WORK ORDER: Every entry that follows is to be set down exactly, with its pictures omitted.

Dataset entries
■ ■ ■ ■ ■
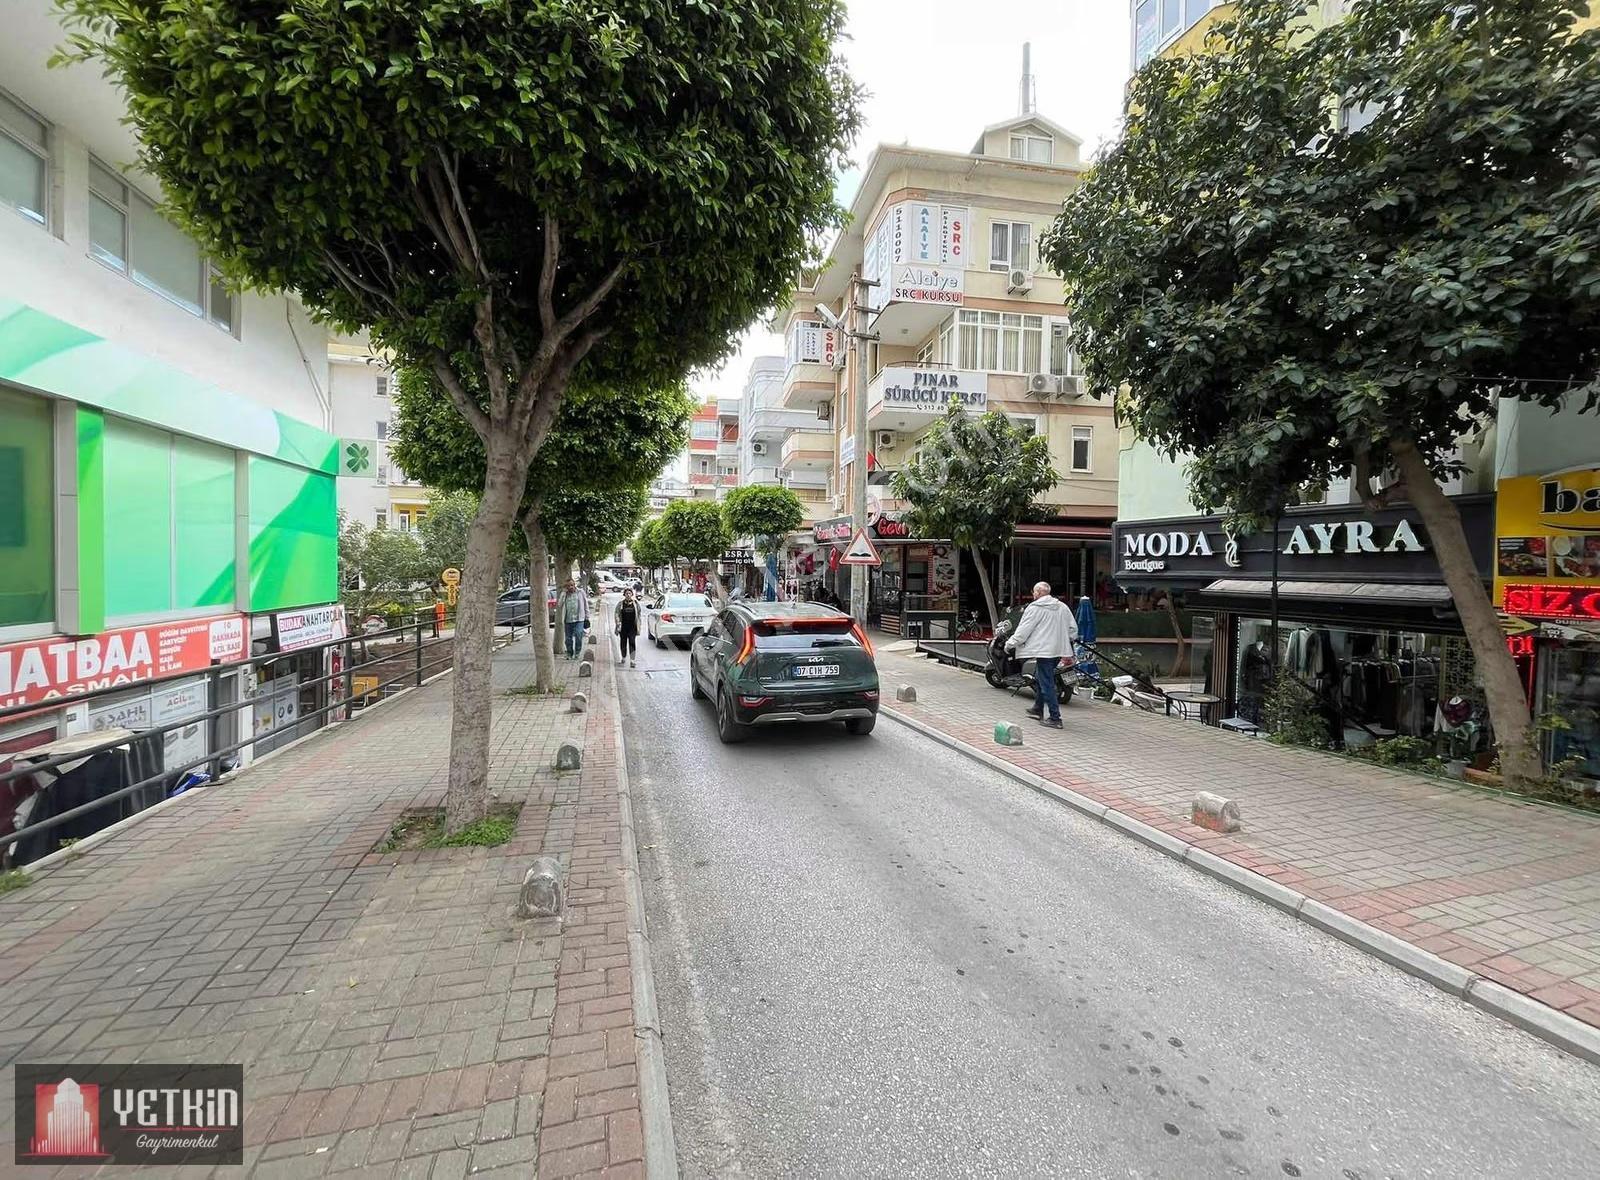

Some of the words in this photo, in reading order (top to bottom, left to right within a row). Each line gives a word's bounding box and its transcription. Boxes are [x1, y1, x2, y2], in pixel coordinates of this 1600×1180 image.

[952, 221, 961, 256] SRC
[899, 267, 958, 291] Alaiye
[895, 288, 916, 299] SRC
[922, 289, 959, 302] KURSU
[826, 332, 834, 362] SRC
[913, 372, 958, 388] PINAR
[884, 384, 938, 403] SÜRÜCÜ
[1123, 530, 1212, 557] MODA
[1282, 519, 1425, 554] AYRA
■ ■ ■ ■ ■
EXERCISE SOLUTION:
Some of the words in this photo, in reading order (top to bottom, left to right within a row). Each line gives a word's bounding box and its transcription. Boxes are [x1, y1, x2, y2], in pixel coordinates of this 1600×1180 image.

[952, 221, 961, 256] SRC
[899, 267, 958, 291] Alaiye
[895, 288, 916, 299] SRC
[922, 289, 959, 302] KURSU
[826, 332, 834, 362] SRC
[913, 372, 958, 388] PINAR
[884, 384, 938, 403] SÜRÜCÜ
[1123, 530, 1212, 557] MODA
[1282, 519, 1425, 554] AYRA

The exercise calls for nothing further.